Awhile ago I did a poll on my Instagram stories and this was the second highest blog post topic request! Sorry that I am just now getting to it, life is crazy!
Parenting is not easy, and one of the places that stresses me out the most each week is definitely church. It's hard to keep young ones quiet while people are gathered together to worship and hear uplifting messages. Sometimes it feels like I deserve an Olympic gold medal after Sacrament each Sunday just for surviving it without crying, especially since Kyler is currently Bishop and can't sit with me and help me with the children on the pew. 😬
Here are a few tips that have helped me greatly each Sunday to keep my kids calm(er) and quiet(er) so I can occasionally catch a few words here and there from the speakers and not feel like a total basket case! Of course, every child is so different and what works for mine may not work for yours! Just sharing these in case they are helpful to others. ❤️ You of course should do what you gotta do to make it out alive! 😉
1- If you need help with your kids, find a helper.
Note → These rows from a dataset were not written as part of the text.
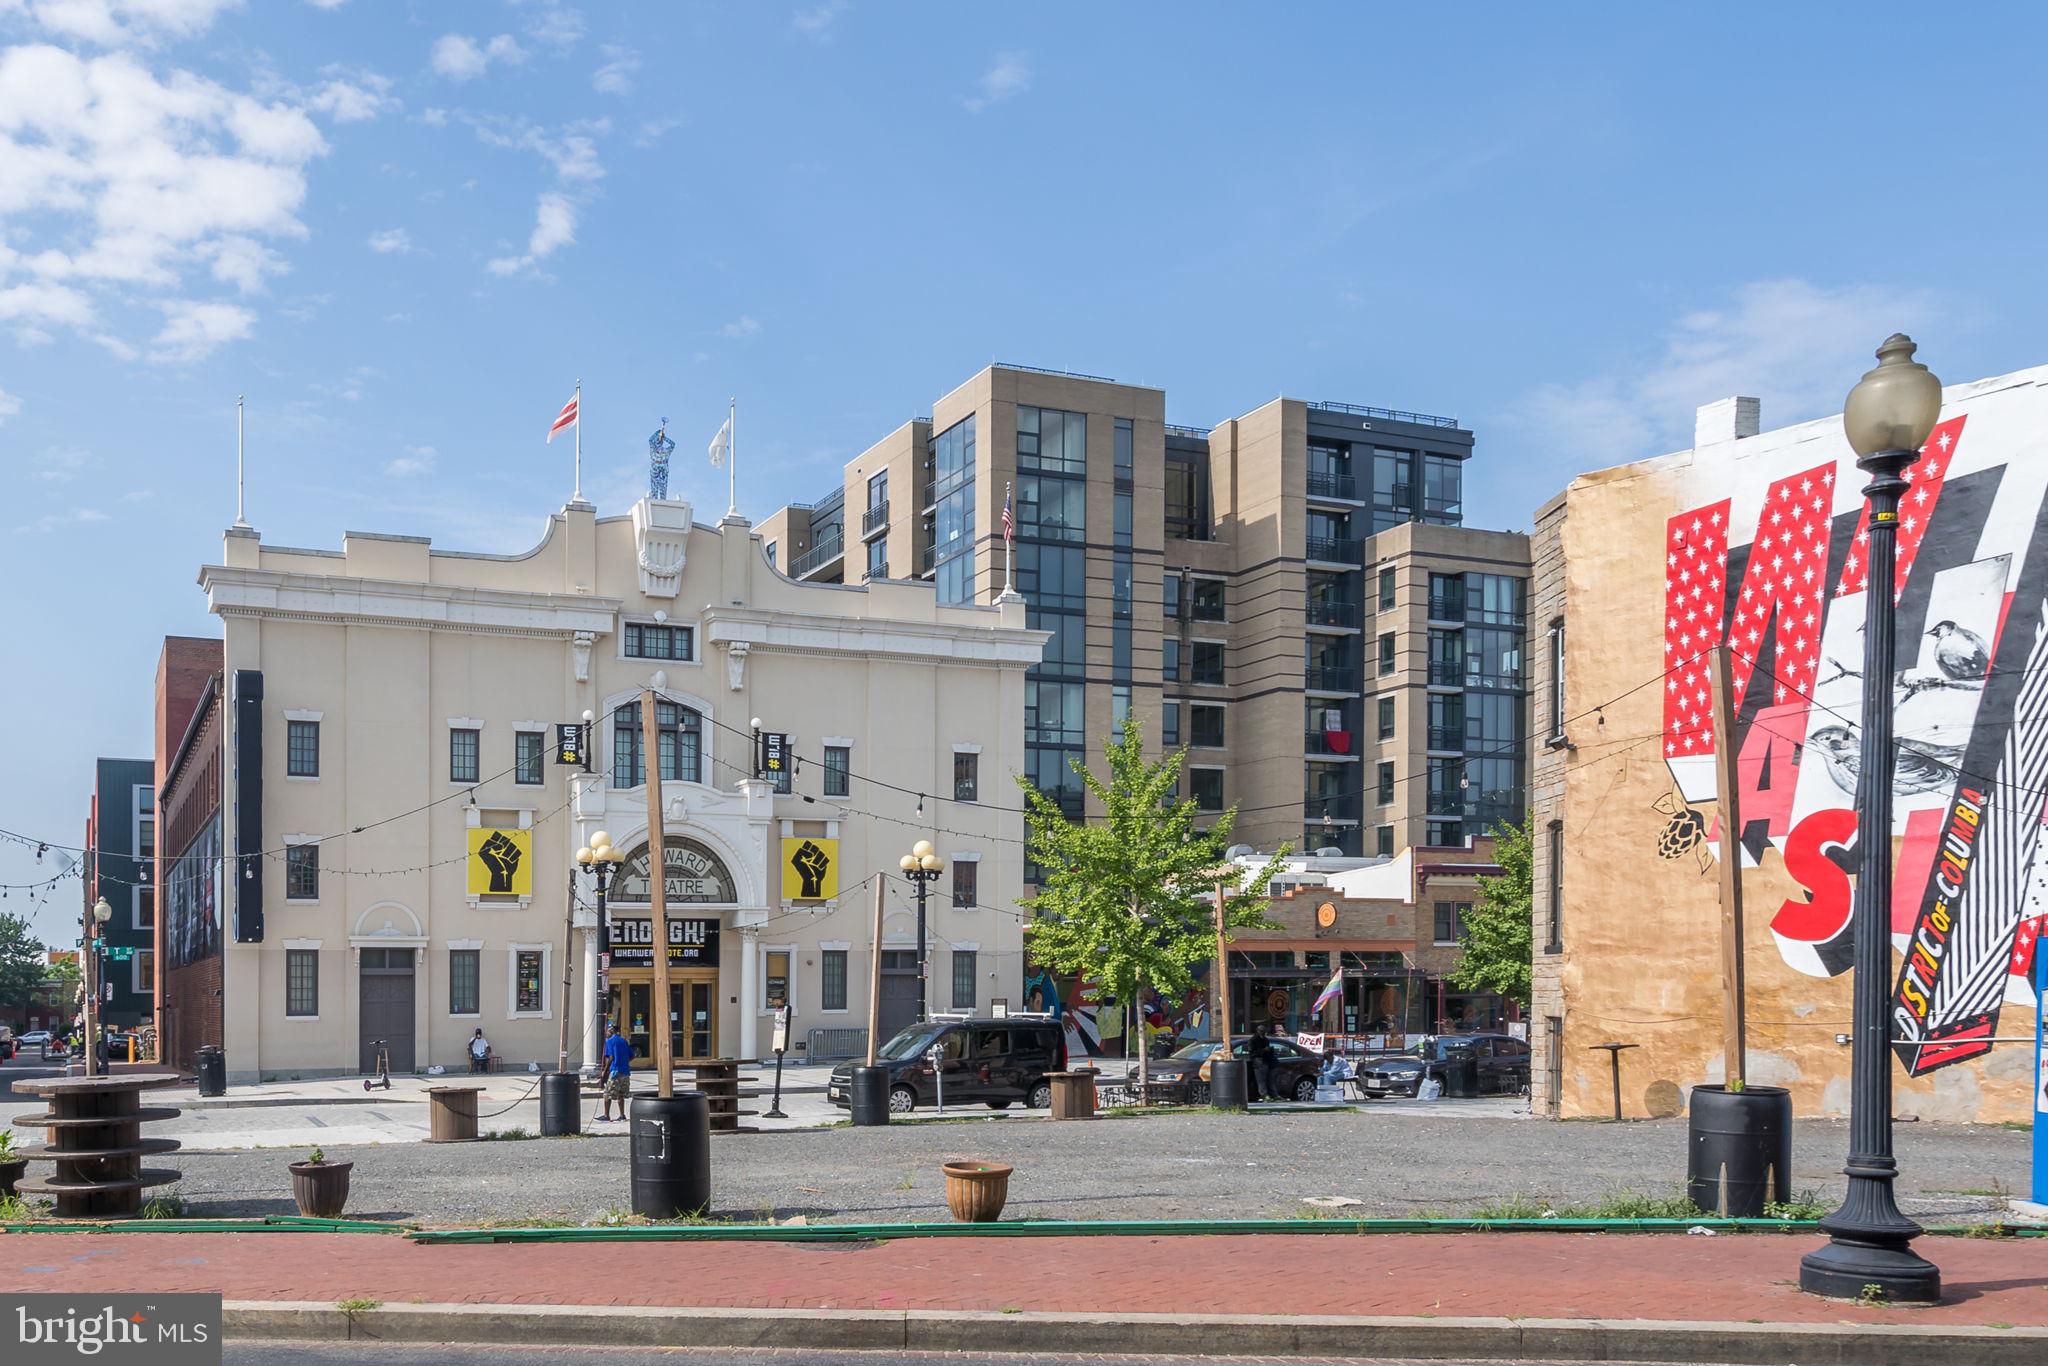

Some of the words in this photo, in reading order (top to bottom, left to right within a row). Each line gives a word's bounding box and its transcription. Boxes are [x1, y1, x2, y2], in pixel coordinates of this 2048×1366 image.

[563, 726, 576, 762] #BLM
[768, 735, 780, 769] #BLM
[1936, 788, 1982, 898] COLUMBIA
[639, 848, 707, 873] HWARD
[609, 921, 705, 943] ENOGH!
[1931, 901, 1951, 932] OF
[113, 946, 120, 955] T
[1894, 913, 1946, 1042] DISTRICT
[1299, 1036, 1322, 1046] OPEN
Maybe this is cheating, but since Kyler was called as Bishop, I've been super blessed to have many dear friends in the ward offer to sit with me and help me with my rascals. One couple in particular (the Nielsen's ❤️) sit with me pretty much every week and they have been marvelous. What I appreciate most about them is that not only do they help keep my kids distracted, but they so sweetly follow my lead and help me teach my children how I want them to be taught during the meeting. (I'll explain more about that below.) They have saved my sanity time and time again and I am forever grateful for them and the sweet service they offer my little family. ❤️ If you have many young children and either don't have a spouse sitting with you or you do and you're still overwhelmed and outnumbered, find helpers that would love to sit with you and your children! (But also make sure they are actually helpful and don't make your kids even rowdier. :) Of course there are moments where my kids only want me and no one else (and it seems to always hit them at the exact same time ha!) but for the most part, this has helped me significantly!
2- Be prepared, but not too prepared
Further down in the post I'll give you some examples of fun quiet toy ideas I've been able to find/make for my kiddos, but I also wanted to tell you my cautionary tale!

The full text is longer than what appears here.